*** Opening of DATASET EXCERPTS ***

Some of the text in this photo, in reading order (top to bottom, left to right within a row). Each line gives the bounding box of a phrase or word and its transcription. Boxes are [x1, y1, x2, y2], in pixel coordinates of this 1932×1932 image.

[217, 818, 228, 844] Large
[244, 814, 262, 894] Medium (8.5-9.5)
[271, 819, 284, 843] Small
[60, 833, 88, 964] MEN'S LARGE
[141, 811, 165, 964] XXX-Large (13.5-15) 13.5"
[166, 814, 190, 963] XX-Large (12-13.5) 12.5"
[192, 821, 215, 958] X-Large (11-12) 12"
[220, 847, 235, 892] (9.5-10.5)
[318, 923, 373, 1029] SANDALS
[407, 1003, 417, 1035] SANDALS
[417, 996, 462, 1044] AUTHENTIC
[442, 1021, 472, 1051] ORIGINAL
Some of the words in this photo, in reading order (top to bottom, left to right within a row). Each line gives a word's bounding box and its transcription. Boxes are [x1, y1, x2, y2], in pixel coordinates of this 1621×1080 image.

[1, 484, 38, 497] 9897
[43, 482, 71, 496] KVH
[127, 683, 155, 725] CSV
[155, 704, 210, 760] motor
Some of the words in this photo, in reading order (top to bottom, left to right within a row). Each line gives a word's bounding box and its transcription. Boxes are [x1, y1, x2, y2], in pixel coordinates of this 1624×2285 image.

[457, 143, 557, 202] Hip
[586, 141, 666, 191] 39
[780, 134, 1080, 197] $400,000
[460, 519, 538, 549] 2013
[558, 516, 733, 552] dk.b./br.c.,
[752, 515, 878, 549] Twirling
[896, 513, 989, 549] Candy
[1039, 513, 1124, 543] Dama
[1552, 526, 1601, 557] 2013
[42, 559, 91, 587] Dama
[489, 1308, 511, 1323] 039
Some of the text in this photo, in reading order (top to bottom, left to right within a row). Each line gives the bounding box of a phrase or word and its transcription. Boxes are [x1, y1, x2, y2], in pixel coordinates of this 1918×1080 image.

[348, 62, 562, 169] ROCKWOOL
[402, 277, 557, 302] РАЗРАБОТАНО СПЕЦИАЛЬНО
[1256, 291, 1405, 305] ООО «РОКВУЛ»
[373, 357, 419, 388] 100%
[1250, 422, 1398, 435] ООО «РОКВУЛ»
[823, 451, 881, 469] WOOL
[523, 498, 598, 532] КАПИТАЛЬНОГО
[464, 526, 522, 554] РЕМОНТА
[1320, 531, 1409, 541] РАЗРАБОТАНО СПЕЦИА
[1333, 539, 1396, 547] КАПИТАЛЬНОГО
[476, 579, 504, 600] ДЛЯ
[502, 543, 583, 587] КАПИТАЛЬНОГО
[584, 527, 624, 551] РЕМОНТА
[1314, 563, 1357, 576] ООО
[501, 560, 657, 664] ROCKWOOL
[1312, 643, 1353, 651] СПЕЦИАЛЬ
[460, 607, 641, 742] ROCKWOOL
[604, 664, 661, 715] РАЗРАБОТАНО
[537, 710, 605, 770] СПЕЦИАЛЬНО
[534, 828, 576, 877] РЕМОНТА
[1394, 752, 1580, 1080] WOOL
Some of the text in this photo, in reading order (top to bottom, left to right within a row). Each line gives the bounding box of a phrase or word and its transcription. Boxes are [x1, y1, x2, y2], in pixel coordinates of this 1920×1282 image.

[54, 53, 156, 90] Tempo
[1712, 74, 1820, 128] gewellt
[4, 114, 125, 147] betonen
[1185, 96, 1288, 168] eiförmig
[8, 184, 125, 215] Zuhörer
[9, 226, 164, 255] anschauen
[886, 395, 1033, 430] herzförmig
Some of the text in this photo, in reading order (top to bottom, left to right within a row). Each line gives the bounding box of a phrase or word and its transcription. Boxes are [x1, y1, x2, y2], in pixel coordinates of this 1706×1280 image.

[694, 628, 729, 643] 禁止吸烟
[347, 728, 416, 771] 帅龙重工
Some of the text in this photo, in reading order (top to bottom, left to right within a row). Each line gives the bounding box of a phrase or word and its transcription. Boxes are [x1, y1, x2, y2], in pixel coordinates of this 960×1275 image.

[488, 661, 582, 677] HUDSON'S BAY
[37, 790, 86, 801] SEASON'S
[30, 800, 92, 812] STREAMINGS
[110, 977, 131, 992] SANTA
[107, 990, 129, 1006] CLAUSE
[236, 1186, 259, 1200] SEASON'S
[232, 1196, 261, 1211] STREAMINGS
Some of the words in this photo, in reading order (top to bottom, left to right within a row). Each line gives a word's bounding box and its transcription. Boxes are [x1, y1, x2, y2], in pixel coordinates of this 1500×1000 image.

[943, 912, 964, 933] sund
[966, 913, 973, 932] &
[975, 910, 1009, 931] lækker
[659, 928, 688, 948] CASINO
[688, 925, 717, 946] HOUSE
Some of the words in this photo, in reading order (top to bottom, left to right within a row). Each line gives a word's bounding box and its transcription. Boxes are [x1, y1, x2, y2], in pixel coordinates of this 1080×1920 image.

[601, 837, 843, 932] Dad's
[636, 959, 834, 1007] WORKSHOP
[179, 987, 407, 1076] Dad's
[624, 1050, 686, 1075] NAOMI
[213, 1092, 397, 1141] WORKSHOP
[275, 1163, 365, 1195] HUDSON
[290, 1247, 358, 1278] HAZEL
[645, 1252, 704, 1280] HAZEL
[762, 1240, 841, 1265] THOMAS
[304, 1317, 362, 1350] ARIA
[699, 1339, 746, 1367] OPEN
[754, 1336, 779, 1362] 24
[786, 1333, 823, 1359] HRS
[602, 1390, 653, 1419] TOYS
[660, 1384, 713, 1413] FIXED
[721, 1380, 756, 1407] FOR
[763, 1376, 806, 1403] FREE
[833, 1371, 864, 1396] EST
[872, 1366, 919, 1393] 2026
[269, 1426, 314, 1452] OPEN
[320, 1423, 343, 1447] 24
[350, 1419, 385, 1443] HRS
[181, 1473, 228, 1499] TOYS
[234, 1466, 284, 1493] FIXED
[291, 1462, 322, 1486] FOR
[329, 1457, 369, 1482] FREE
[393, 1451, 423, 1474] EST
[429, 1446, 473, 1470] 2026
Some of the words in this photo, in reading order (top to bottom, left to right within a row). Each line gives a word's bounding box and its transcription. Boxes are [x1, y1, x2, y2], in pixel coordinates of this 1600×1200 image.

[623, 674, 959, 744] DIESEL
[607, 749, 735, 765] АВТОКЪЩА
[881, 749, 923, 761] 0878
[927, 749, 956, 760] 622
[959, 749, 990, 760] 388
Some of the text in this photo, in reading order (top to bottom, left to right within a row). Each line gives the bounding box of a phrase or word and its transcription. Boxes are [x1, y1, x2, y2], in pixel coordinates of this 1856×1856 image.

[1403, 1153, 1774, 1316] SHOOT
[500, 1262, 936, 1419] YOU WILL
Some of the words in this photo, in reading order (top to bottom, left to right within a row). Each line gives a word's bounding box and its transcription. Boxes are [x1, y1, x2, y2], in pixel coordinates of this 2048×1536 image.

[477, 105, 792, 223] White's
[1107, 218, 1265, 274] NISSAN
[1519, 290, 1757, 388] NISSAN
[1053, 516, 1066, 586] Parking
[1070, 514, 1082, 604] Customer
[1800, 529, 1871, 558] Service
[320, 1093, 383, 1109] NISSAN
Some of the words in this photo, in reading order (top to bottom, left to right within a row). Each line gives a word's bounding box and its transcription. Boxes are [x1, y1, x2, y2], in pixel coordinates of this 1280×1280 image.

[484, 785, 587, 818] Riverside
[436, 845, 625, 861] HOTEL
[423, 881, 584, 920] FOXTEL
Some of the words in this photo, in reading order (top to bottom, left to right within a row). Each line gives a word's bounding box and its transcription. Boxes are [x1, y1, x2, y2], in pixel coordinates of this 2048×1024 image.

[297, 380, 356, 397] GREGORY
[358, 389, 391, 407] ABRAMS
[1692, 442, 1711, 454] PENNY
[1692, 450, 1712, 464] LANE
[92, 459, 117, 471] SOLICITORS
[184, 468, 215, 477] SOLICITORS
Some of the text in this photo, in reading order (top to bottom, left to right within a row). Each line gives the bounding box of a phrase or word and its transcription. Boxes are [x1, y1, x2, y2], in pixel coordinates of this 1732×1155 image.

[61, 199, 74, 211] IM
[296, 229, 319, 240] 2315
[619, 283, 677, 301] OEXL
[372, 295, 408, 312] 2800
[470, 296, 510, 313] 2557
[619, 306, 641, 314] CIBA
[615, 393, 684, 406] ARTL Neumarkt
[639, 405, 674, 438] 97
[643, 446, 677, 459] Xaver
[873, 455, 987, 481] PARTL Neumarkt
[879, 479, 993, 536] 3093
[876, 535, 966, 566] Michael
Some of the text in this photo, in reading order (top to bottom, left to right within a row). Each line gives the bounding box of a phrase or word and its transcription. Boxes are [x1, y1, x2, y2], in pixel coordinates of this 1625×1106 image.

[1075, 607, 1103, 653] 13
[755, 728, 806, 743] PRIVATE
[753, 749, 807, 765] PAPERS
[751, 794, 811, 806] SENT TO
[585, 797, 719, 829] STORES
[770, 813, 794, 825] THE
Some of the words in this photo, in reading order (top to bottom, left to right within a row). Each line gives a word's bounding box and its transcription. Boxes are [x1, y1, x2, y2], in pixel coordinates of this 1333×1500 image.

*** Close of DATASET EXCERPTS ***

TO DO
Each line from the one with "this 1625×1106 image." through the last line of the records above must be retyped exactly, and no other line may be given.

FINISHED TASK
Some of the text in this photo, in reading order (top to bottom, left to right within a row). Each line gives the bounding box of a phrase or word and its transcription. Boxes are [x1, y1, x2, y2], in pixel coordinates of this 1625×1106 image.

[1075, 607, 1103, 653] 13
[755, 728, 806, 743] PRIVATE
[753, 749, 807, 765] PAPERS
[751, 794, 811, 806] SENT TO
[585, 797, 719, 829] STORES
[770, 813, 794, 825] THE
Some of the words in this photo, in reading order (top to bottom, left to right within a row). Each line gives a word's bounding box and its transcription. Boxes are [x1, y1, x2, y2], in pixel coordinates of this 1333×1500 image.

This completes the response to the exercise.